L’Olio EVO (extravergine d’oliva), contiene una miniera di sostanze benefiche per le nostre arterie.

E’ stato dimostrato che soltanto all’interno della sua struttura molecolare vi sono i fenoli polari, come riporta il sito web “Olivo e Olio“.

Tali molecole si possono estrarre dall’olio EVO, ed appartengono a cinque famiglie ovvero gli acidi fenolici, i flavoni i lignani), gli alcol fenil etilici e i secoiridoidi.

Voglio soffermarmi sull’importanza della molecola, alcol fenolico in particolare, denominata IDROSSIROSOLO.

Come sottolinea l’articolo pubblicato su “Biomedicina e farmacoterapia” Volume 109 il gennaio 2019:

L’idrossitirosolo (HT) intervene nella disfunsione del tessuto adiposo bianco (WAT), modula i fattori di trascrizione NF-κB, Nrf2, SREBP-1c e PPAR-γ, nonché dei loro geni bersaglio, coinvolti nell’infiammazione, nelle difese antiossidanti e soprattutto nella lipogenesi.
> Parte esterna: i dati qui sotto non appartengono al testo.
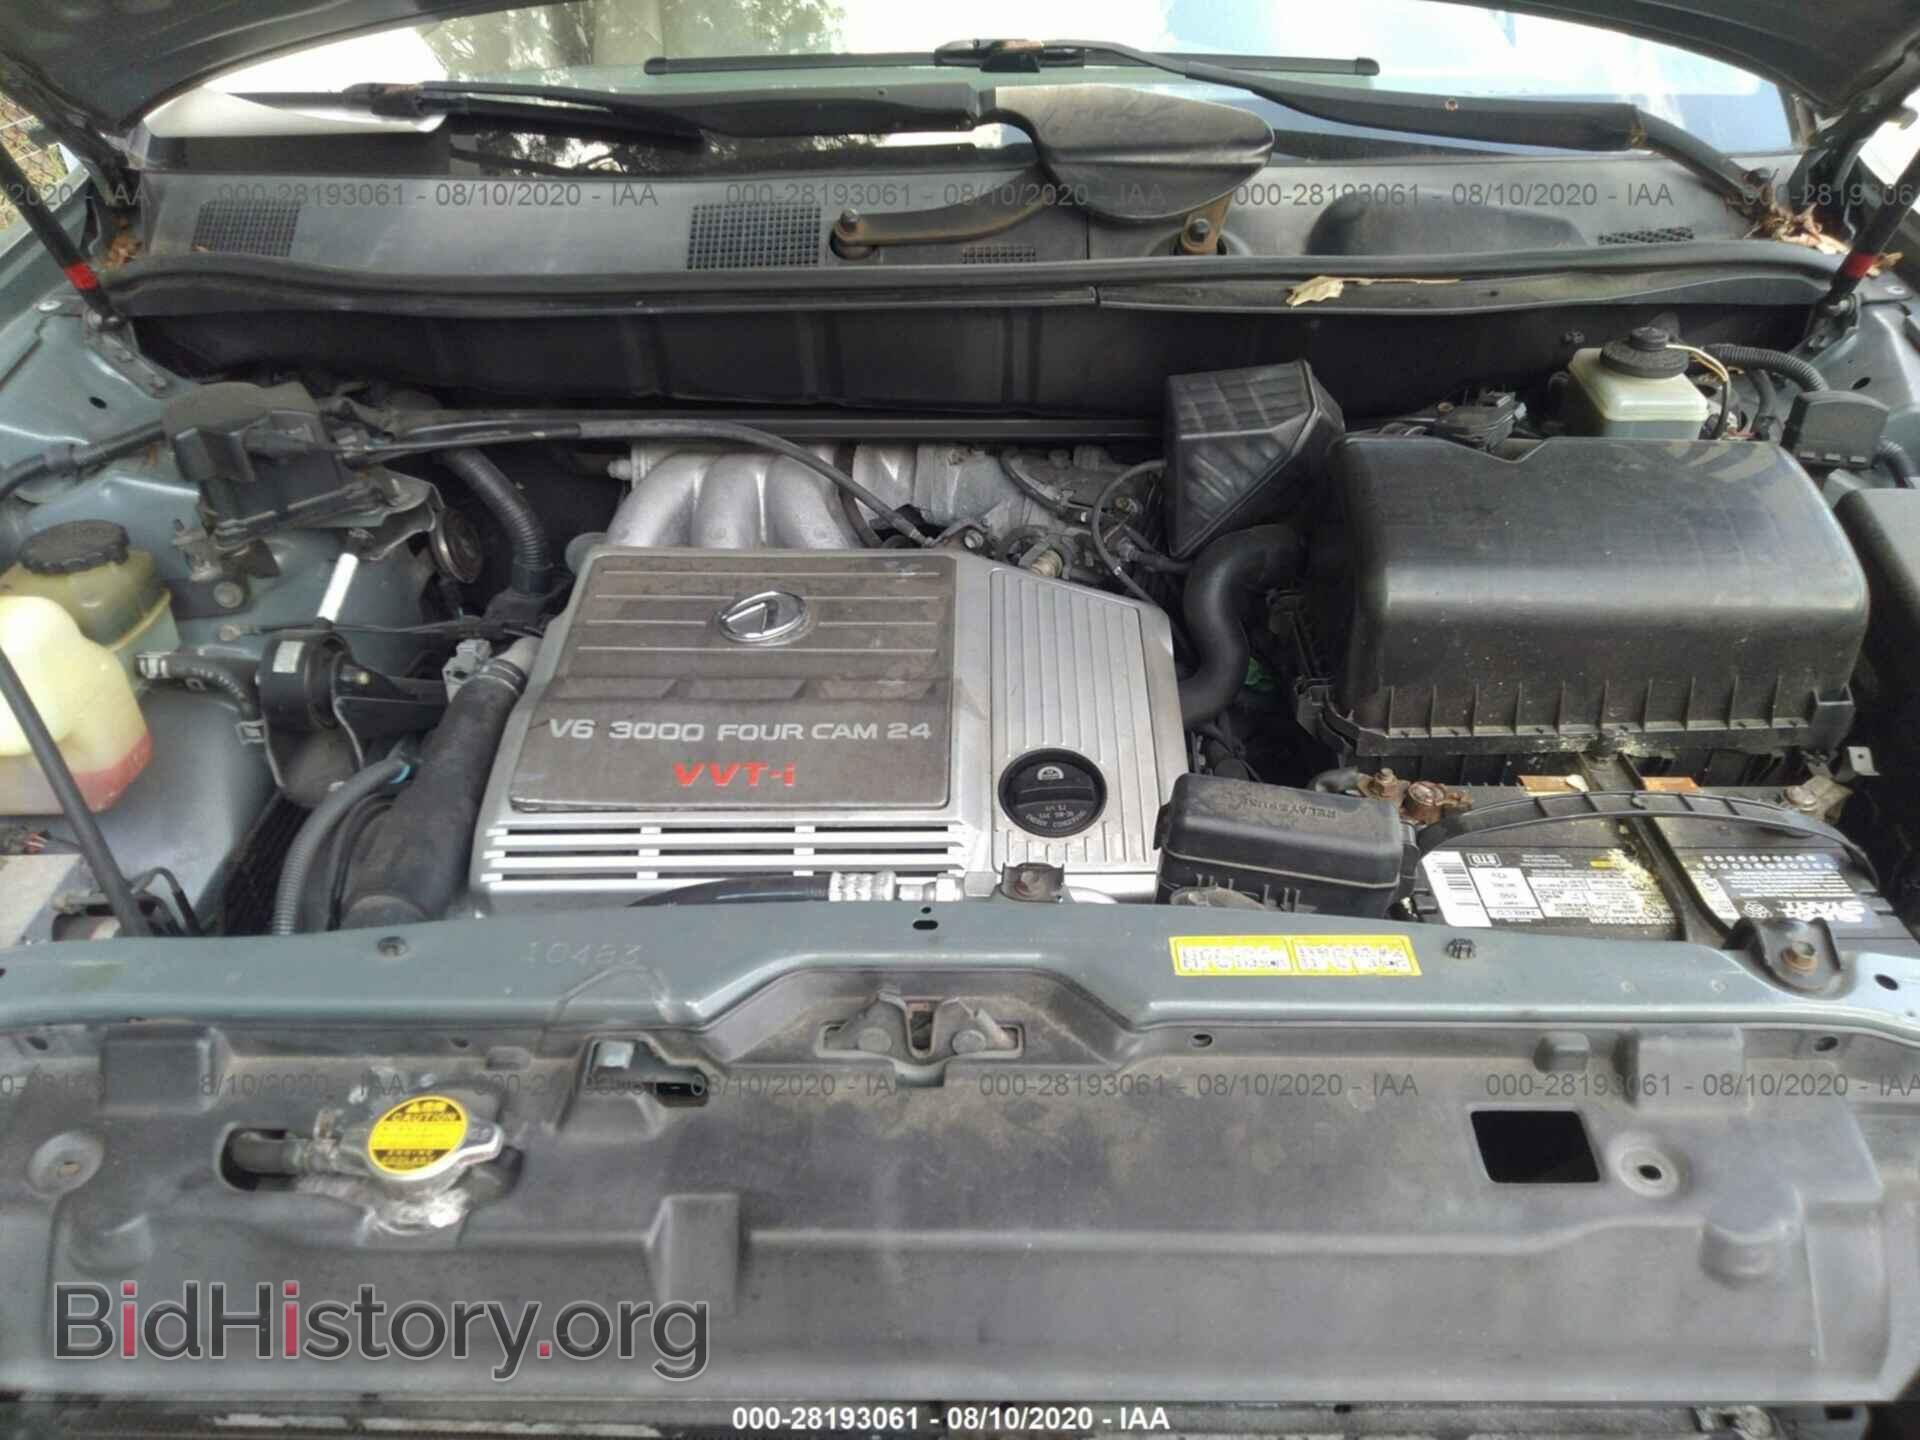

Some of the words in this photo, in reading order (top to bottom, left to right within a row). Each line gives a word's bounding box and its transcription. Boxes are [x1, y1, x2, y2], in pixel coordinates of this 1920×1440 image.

Il take home message, è che consumare olio EVO, possibilmente bio e poco dopo la sua spremitura, quando cioè contiene una miniera di antiossidanti, può prevenire, assieme ad un corretto stile di vita attivo ed all’interno di una alimentazione mediterranea e bilanciata, la disfunzione endoteliare alla base del processo di sviluppo aterosclerotico (cardiopatia ischemica, cerebrovasculopatia, arteriopatia obliterante).